] Samsung BioLogics, a contract manufacturer of biologic drugs under South Korean electronics giant Samsung Group, said Wednesday that it has obtained six manufacturing certifications for biologic drugs produced at its first plant in Songdo, Incheon.
Three monoclonal antibody drugs manufactured by Samsung BioLogics on behalf of its two clients Roche and Bristol-Myers Squibb were approved by the European Medicines Agency in July, the Korean biopharma CMO said.
Of the three products, two were newly approved by the US Food and Drug Administration last month, in addition to the one product which was already approved by the US FDA in October last year.
The EMA has also certified the drug packaging product made by Samsung in addition to its three drugs, it added.
The given certifications allow Samsung’s two clients to commercialize the three drugs in the US and Europe, the world’s two top markets for biologic drugs, Samsung Biologics told The Korea Herald.
Due to quality control issues, biopharmaceuticals which were initially approved in a given market -- such as Roche and BMS’ three products -- must be re-certified when produced in another country.
“We are eager to maintain and further improve our biopharmaceutical quality systems and manufacturing process in a Good Manufacturing Practice-certified manufacturing facility to provide high-quality products to our clients,” Samsung BioLogics CEO Kim Tae-han said in a statement.
“We can expect and are prepared to receive more inspections from various other regulatory agencies such as those in Japan, Russia and so on this year,” Kim said.
Founded in 2011, Samsung BioLogics is a contract manufacturer of biologic drugs developed by global pharmaceutical companies.

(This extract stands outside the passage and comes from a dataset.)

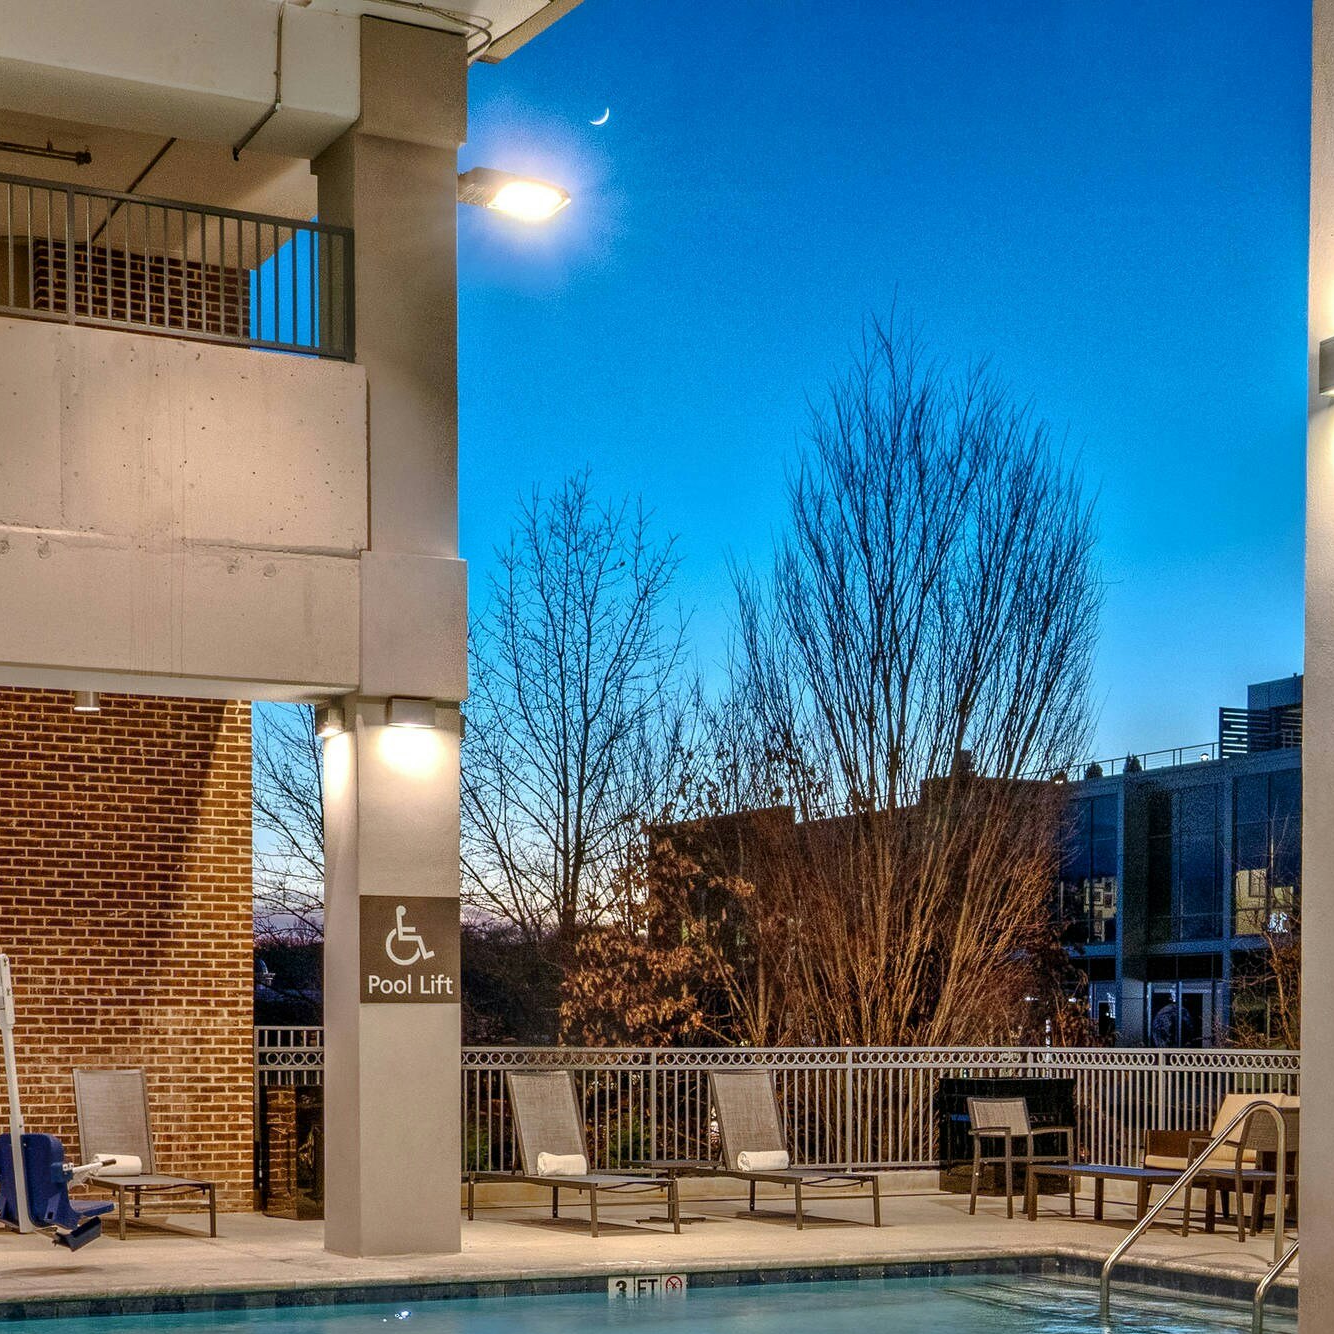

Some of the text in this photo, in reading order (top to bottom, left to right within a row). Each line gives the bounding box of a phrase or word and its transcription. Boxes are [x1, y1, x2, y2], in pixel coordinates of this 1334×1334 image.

[368, 974, 453, 994] Pool Lift
[615, 1279, 658, 1293] 3 FT

It stands at the center of Samsung Group’s recent push in the biopharma business, considered a lucrative industry to propel the conglomerate’s future growth.
The Samsung unit currently operates two high-tech biologics manufacturing plants boasting a combined production capacity of 180,000 liters, the third-largest in the world.
The second plant began test operations from this March, and must wait for around 1 1/2 years to two years before it can apply for certification from the FDA and EMA, Samsung BioLogics said.
The Korean biopharma CMO is currently building its third plant, which upon its scheduled completion in 2018 will drive up the firm’s net capacity to 360,000 liters, leapfrogging current segment leaders Lonza (260,000 liters) and Boehringer Ingelheim (240,000 liters).
Samsung BioLogics plans to continue adding more production plants, using the new capital to be generated by its initial public offering on the Kospi scheduled for the end of this year.